━━━ Provided entries ━━━

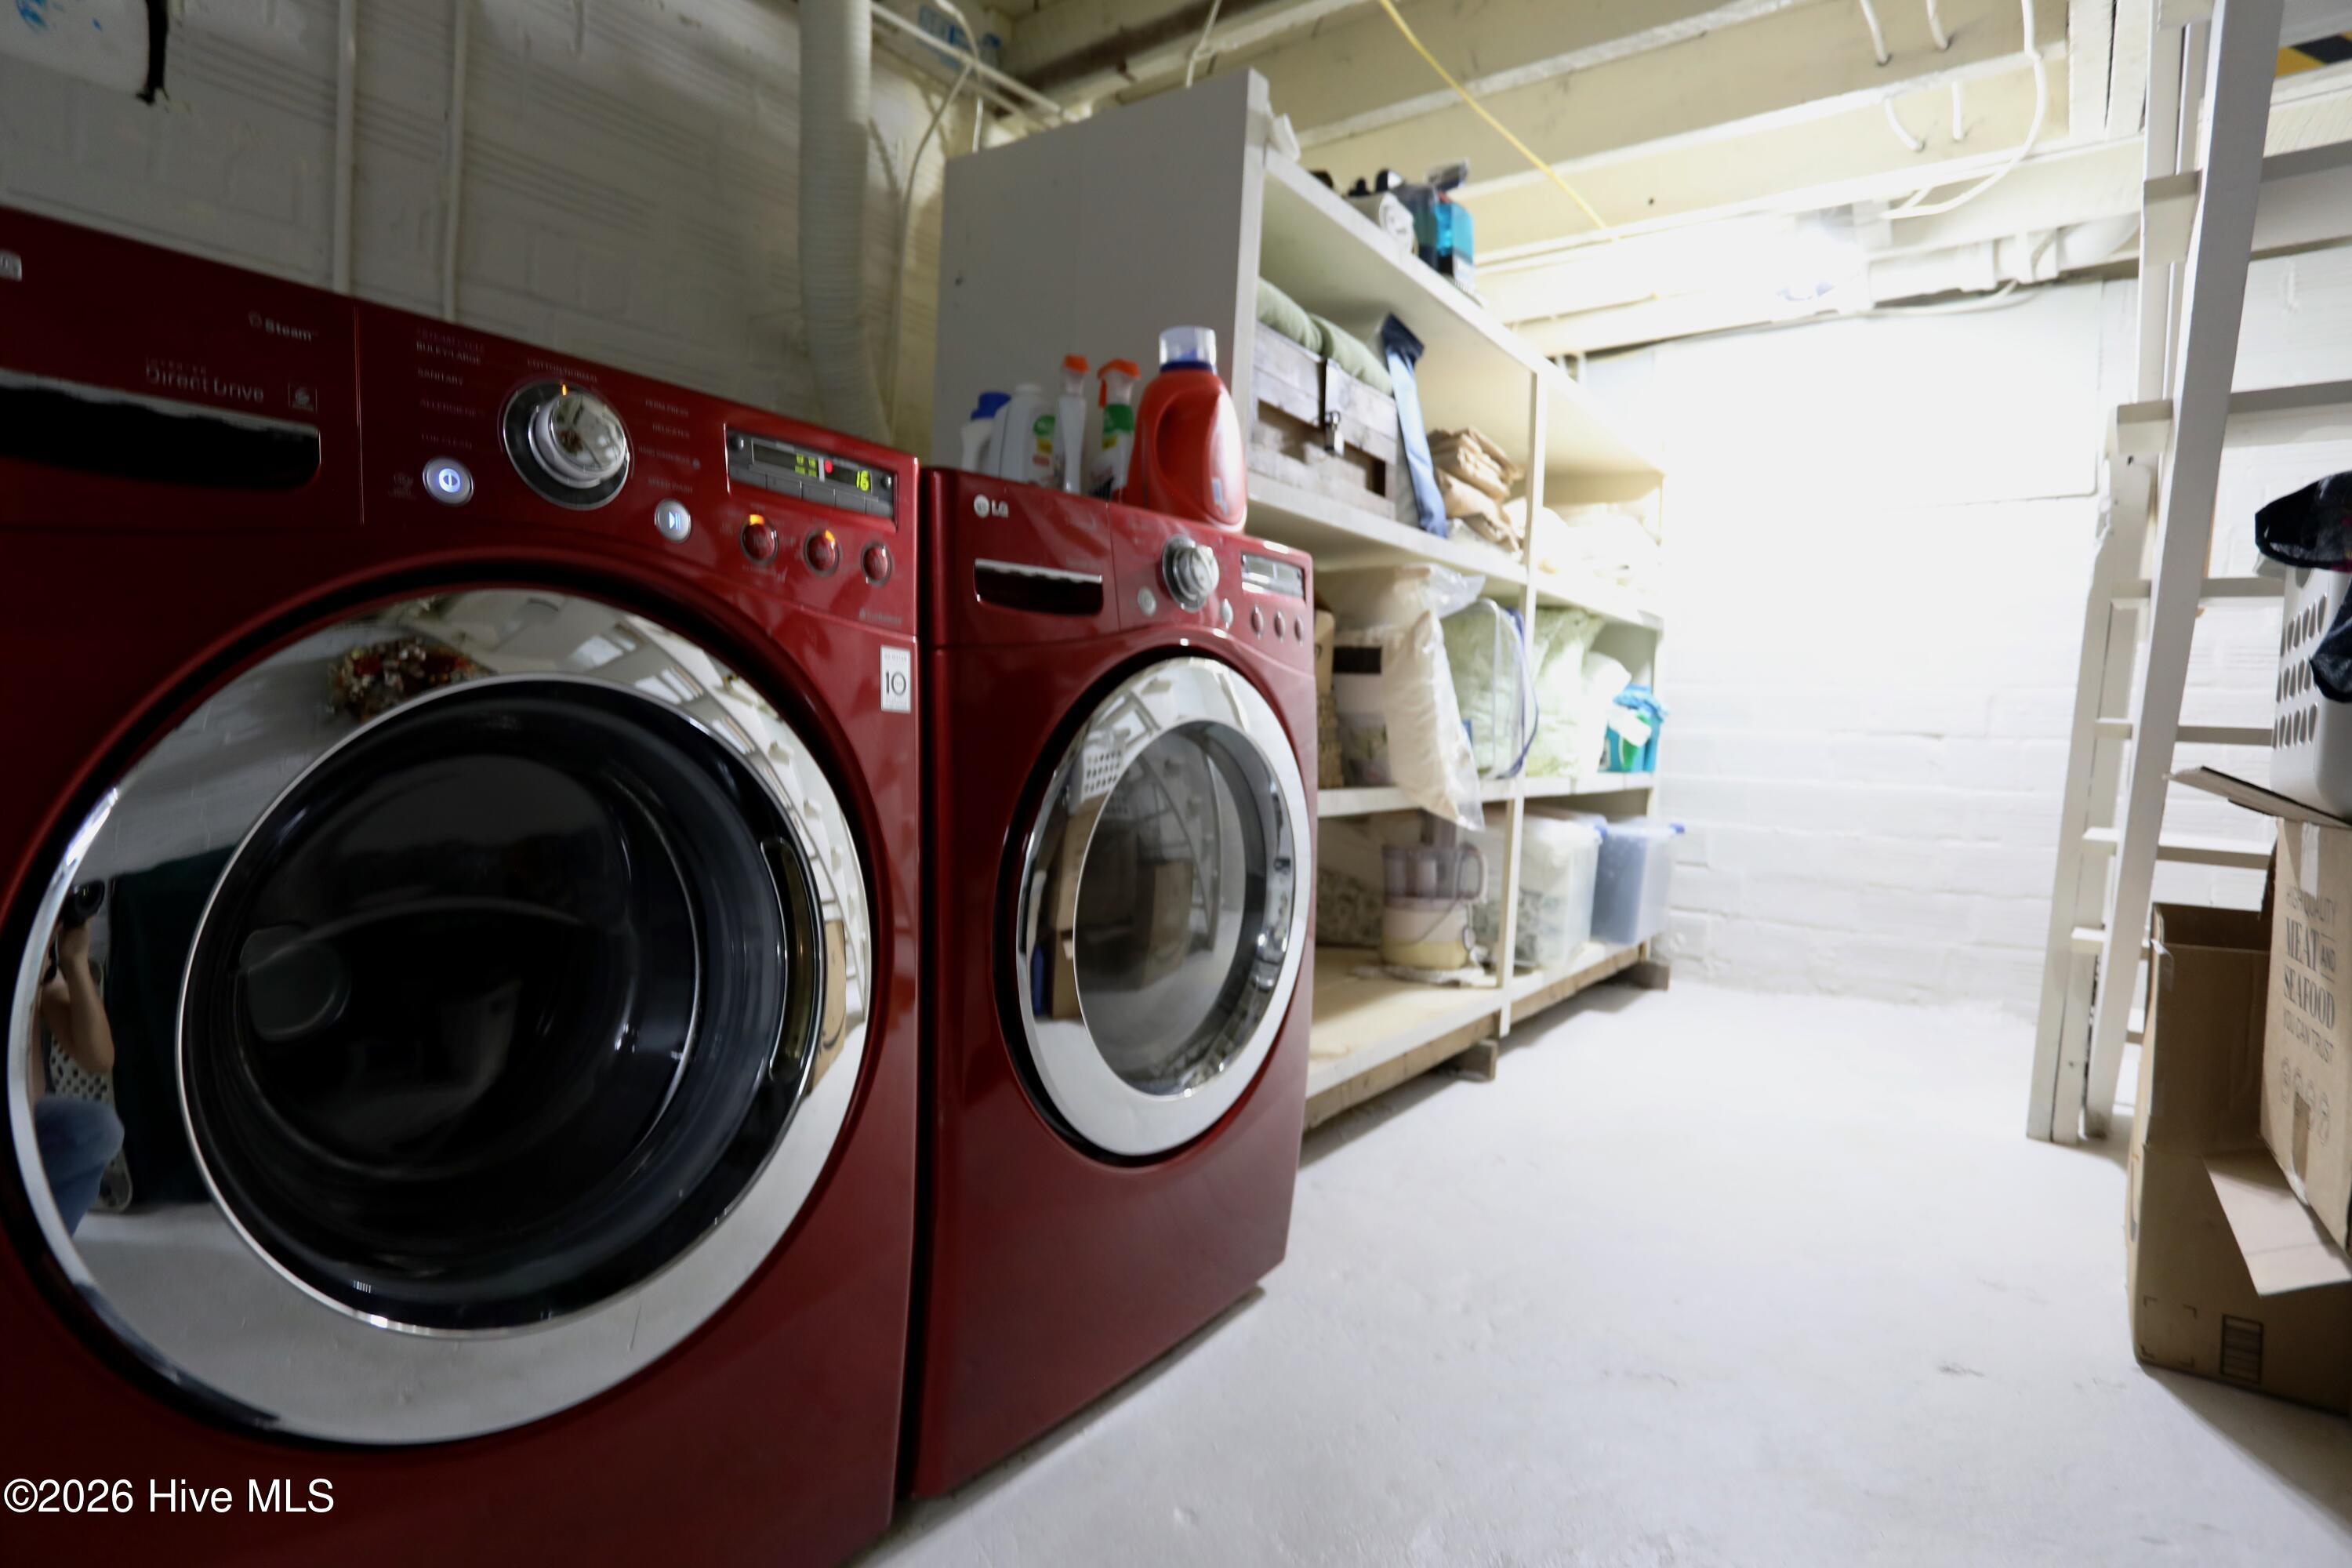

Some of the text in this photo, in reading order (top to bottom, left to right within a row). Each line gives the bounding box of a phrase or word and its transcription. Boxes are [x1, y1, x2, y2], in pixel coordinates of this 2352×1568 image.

[264, 317, 312, 342] Steam
[146, 364, 208, 395] Direct
[213, 377, 263, 403] Drive
[991, 499, 1009, 518] LG
[886, 670, 906, 696] 10
[2286, 916, 2320, 972] MEAT
[2321, 944, 2336, 973] AND
[2283, 964, 2335, 1030] SEAFOOD
[2296, 1016, 2310, 1047] CAN
[2311, 1028, 2334, 1063] TRUST
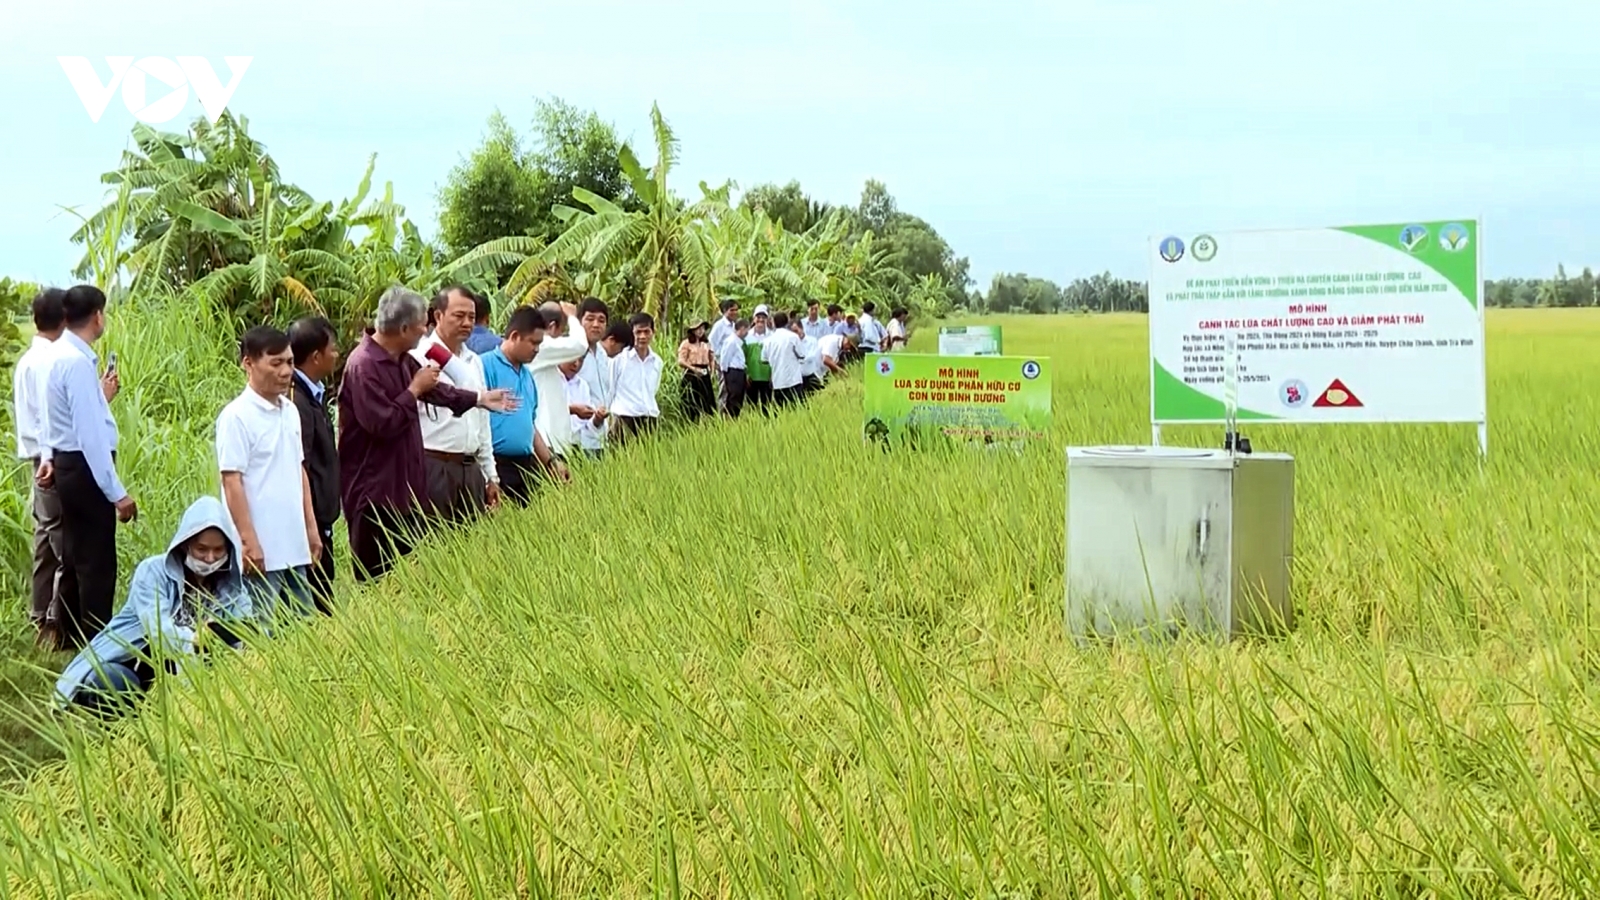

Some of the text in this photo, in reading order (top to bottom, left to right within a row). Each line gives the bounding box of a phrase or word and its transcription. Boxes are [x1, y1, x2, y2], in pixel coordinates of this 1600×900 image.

━━━

Restate the data above word for word, omitting every picture.

▶ [Result]:
Some of the text in this photo, in reading order (top to bottom, left to right within a row). Each line gives the bounding box of a phrase or word and its transcription. Boxes are [x1, y1, x2, y2], in pixel coordinates of this 2352×1568 image.

[264, 317, 312, 342] Steam
[146, 364, 208, 395] Direct
[213, 377, 263, 403] Drive
[991, 499, 1009, 518] LG
[886, 670, 906, 696] 10
[2286, 916, 2320, 972] MEAT
[2321, 944, 2336, 973] AND
[2283, 964, 2335, 1030] SEAFOOD
[2296, 1016, 2310, 1047] CAN
[2311, 1028, 2334, 1063] TRUST

Some of the text in this photo, in reading order (top to bottom, left to right within a row). Each line gives the bounding box of a phrase or word and its transcription. Boxes are [x1, y1, x2, y2], in pixel coordinates of this 1600×900 image.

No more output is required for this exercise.